Europe's security watchdog OSCE opened its annual meeting here Thursday with the focus on Kazakhstan's bid to chair the group and Russia's threat to withdraw from a key arms control treaty.
Over 40 foreign ministers from the 56-nation Organisation for Security and Cooperation in Europe are taking part in the two-day gathering in Spain, which holds the current presidency of the organisation.
The renewal of the OSCE's mission in Kosovo and a possible mission in Afghanistan are also on the table. "We need to regain the consensus over the Conventional Forces in Europe Treaty, the rock of peace, stability and our security," Spanish Prime Minister Jose Luis Rodriguez Zapatero said in an opening address.
Earlier this year Russia announced it would next month stop implementing the treaty, which limits the deployment of tanks, aircraft and other heavy weapons across the continent.
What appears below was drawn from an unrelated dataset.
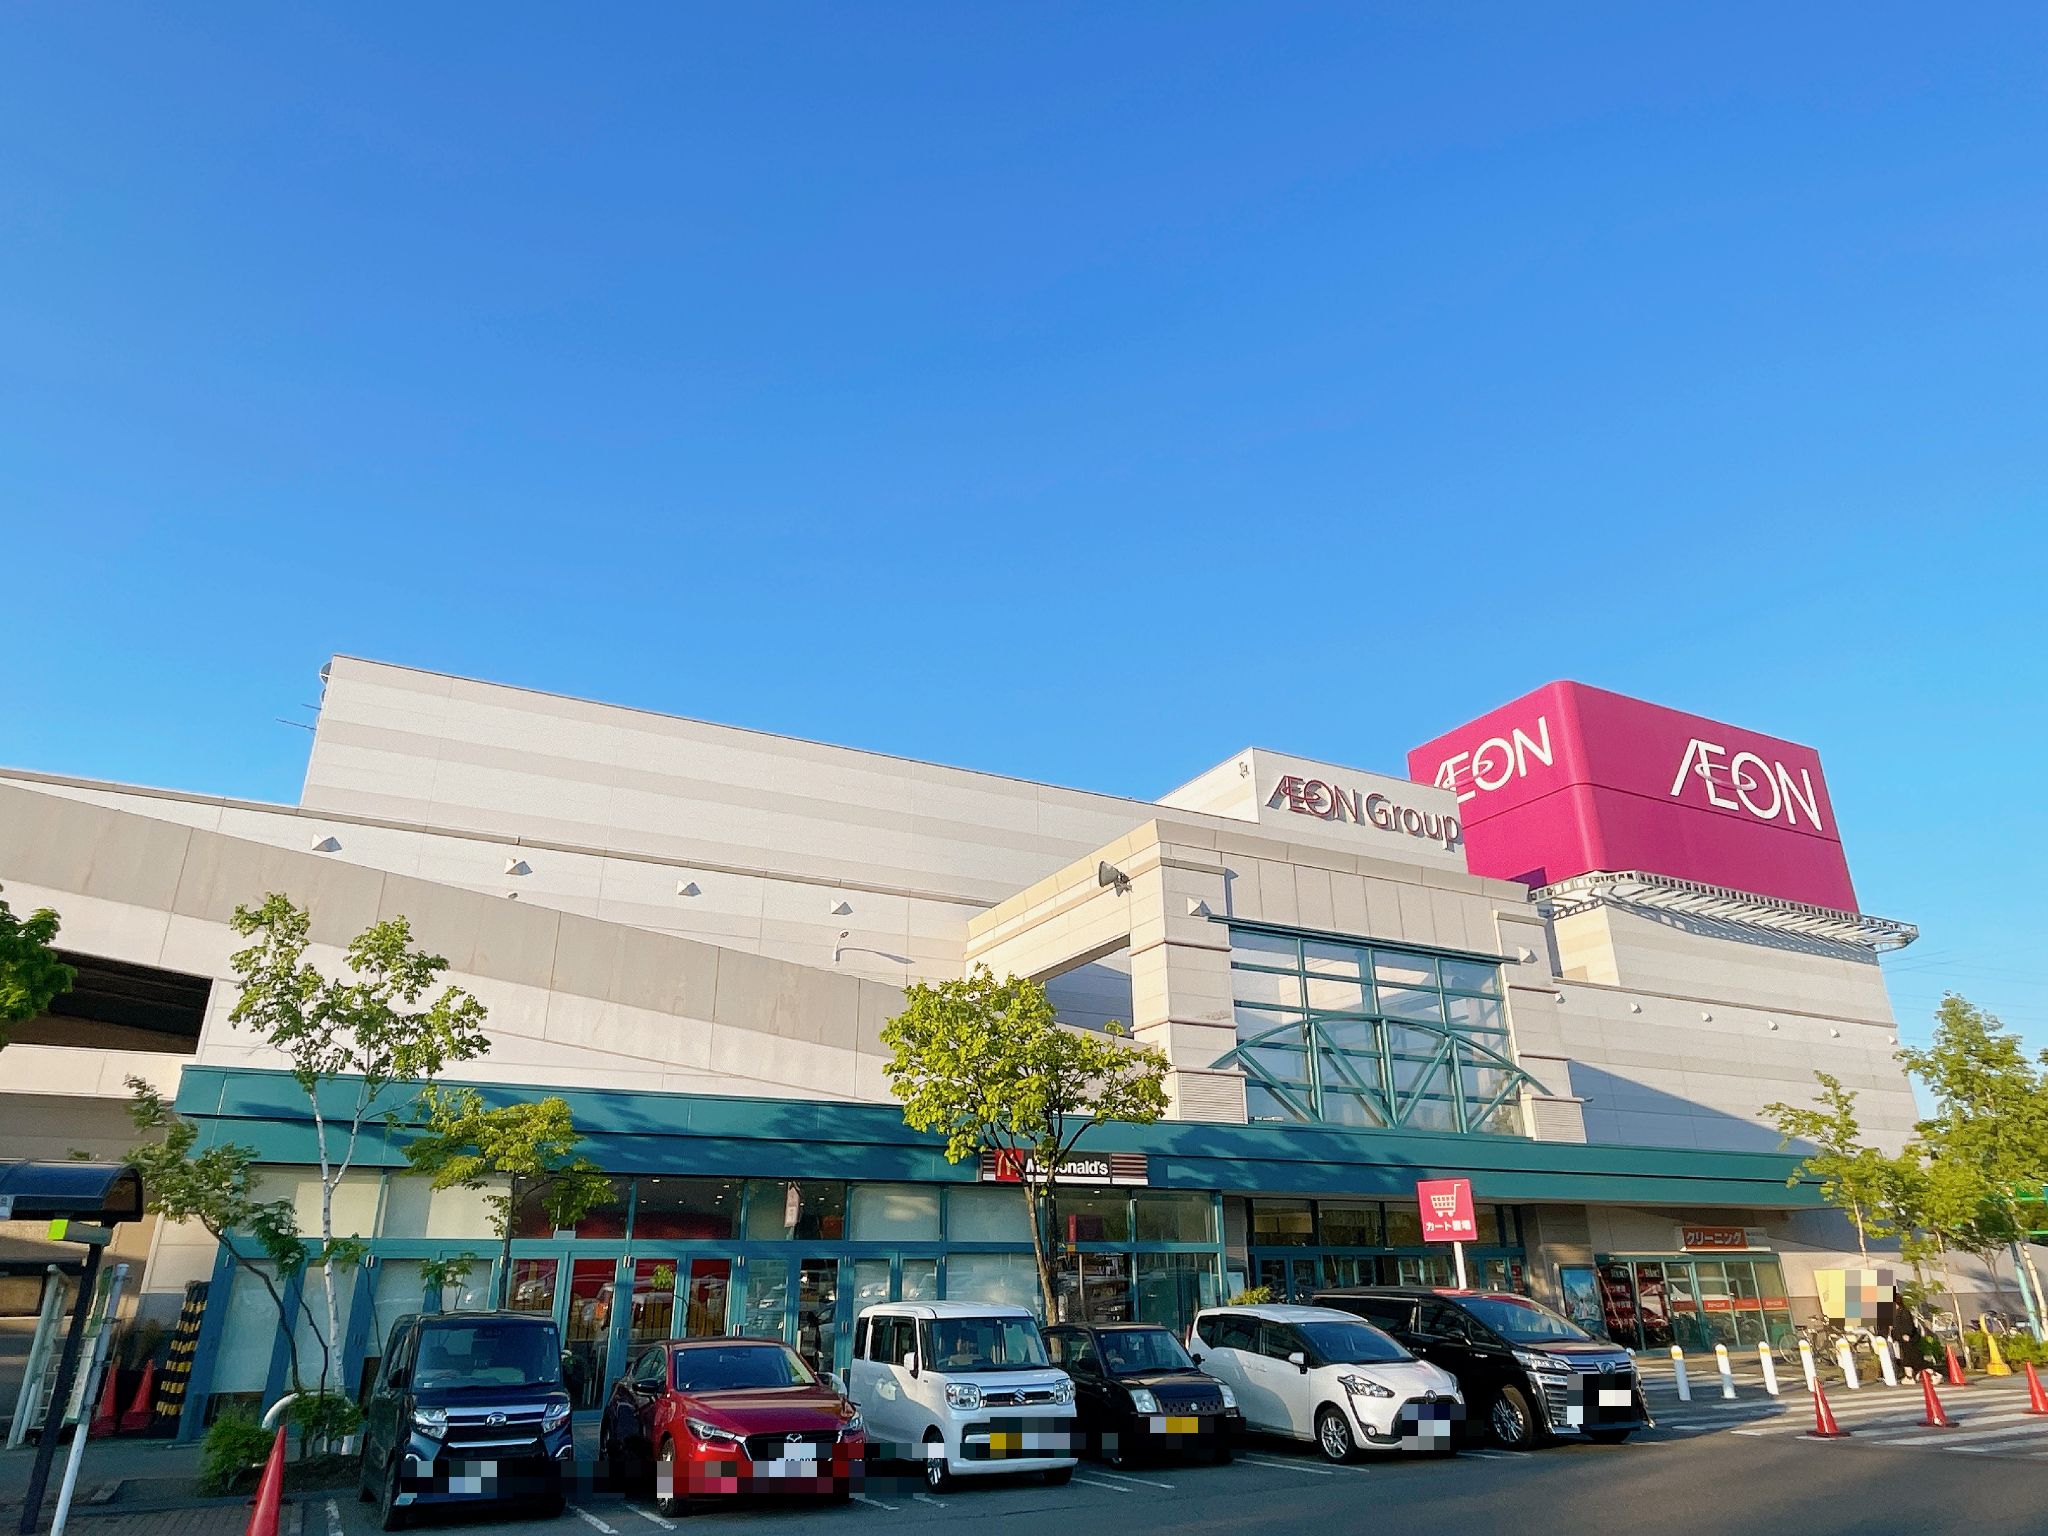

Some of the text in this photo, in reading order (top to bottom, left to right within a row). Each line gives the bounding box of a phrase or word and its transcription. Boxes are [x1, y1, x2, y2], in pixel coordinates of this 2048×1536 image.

[1366, 792, 1460, 850] Group
[1025, 1158, 1109, 1176] Mconald's
[1686, 1231, 1742, 1246] クリーニング
Russian President Vladimir Putin says the move is a response to US plans to set up missile defence sites in eastern Europe and Nato's own failure to ratify a version of the treaty amended in 1999, after the collapse of the Soviet Union.
Russia ratified the updated treaty in 2004, but the United States and other Nato members have refused to follow suit, arguing Moscow must first withdraw forces from Georgia and from Moldova's separatist region of Trans-Dniester.
A meeting of representatives from nations affected by the treaty was held Wednesday and further talks are expected during the gathering, an OSCE spokeswoman said. The meeting will also discuss the OSCE's deployment in the disputed Serbian province of Kosovo, where it employs some 1,000 people, making it the body's largest field mission.